Il testo, che per la prima volta prevede una specifica strategia per la montagna italiana, interviene su scuola, trasporti, connettività e servizi sanitari, prevedendo anche misure a sostegno delle attività economiche locali, con particolare attenzione all’agricoltura e all’allevamento di montagna. L’obiettivo è contrastare lo spopolamento e garantire nuove prospettive di sviluppo sostenibile.
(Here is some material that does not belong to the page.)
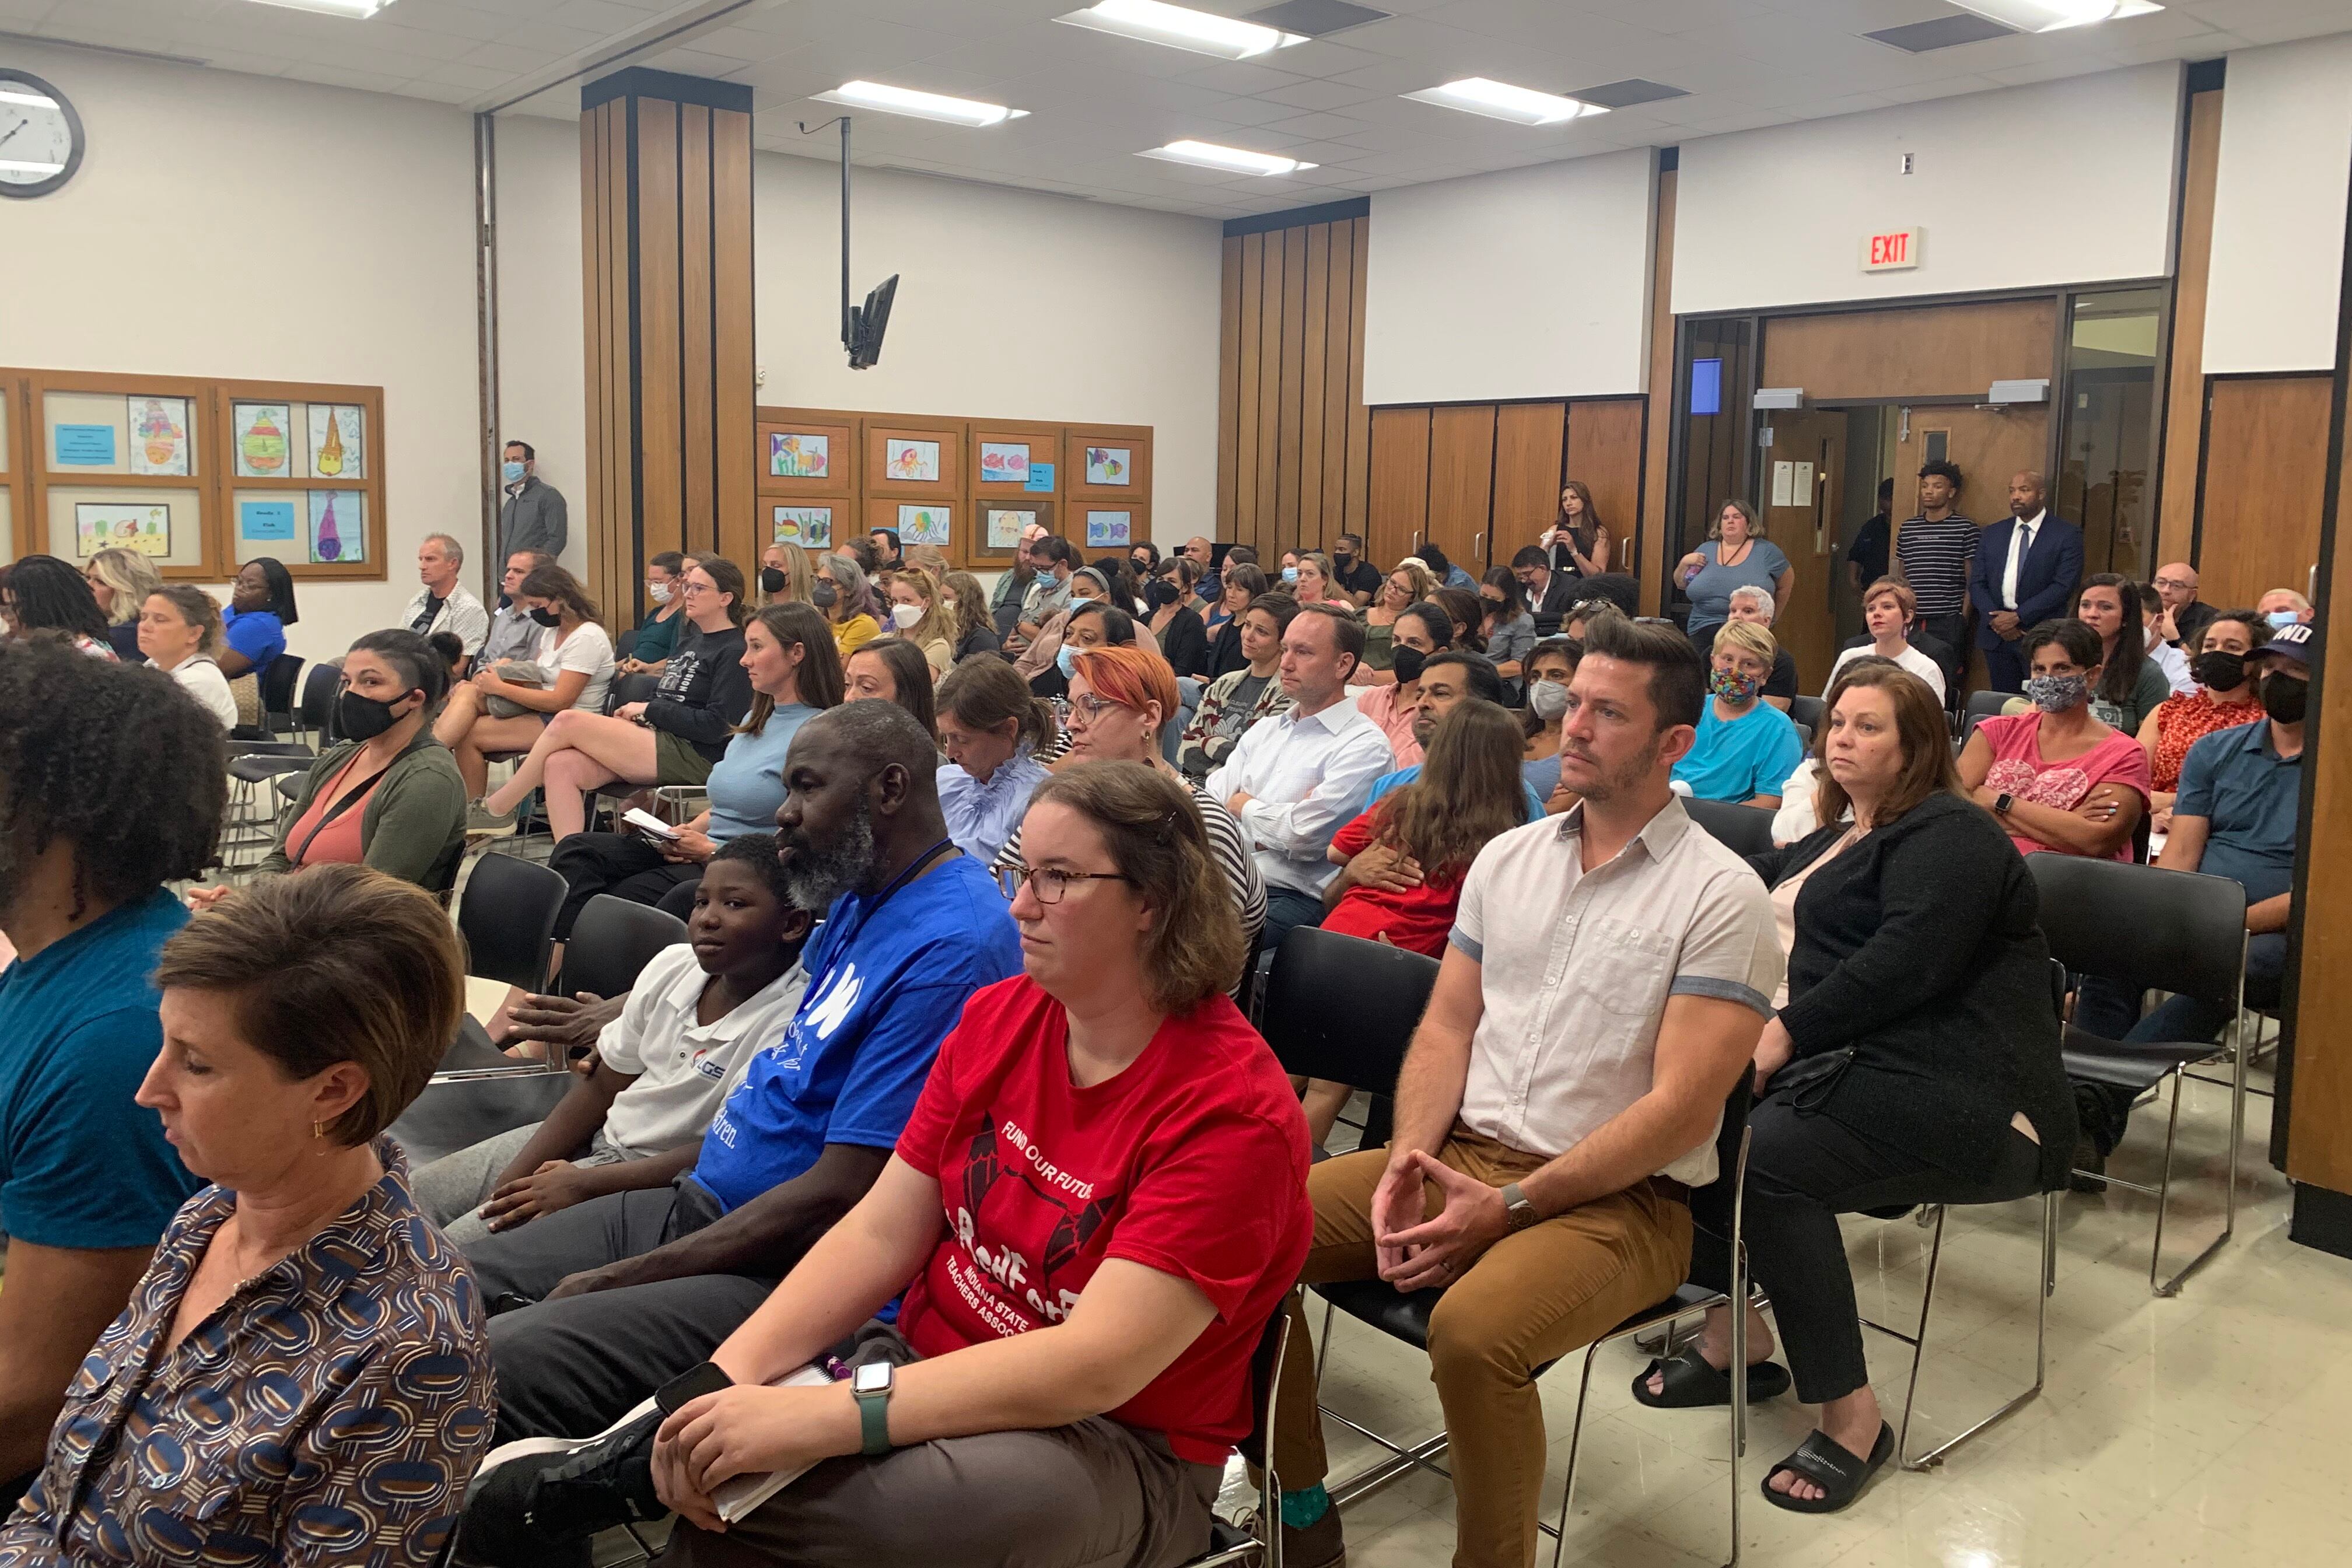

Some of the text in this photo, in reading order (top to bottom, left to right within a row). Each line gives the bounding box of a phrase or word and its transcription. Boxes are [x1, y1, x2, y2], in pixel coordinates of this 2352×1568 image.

“Il riordino normativo è un passaggio fondamentale per la montagna che, finalmente, potrà essere definita, riperimetrata e riconosciuta per ciò che è: prerequisito necessario per dare voce e futuro a territori che, nel terzo millennio, possono essere centro e non margine e svantaggio”, ha dichiarato la Prof.ssa Anna Giorgi, responsabile del Polo UNIMONT dell’Università degli Studi di Milano.
UNIMONT da sempre segue con attenzione l’evoluzione della normativa sulla montagna, approfondendo gli aspetti tecnico-scientifici con studi e ricerche, come il Libro Bianco sulla Montagna elaborato su mandato del Dipartimento per gli Affari Regionali e le Autonomie della Presidenza del Consiglio dei Ministri.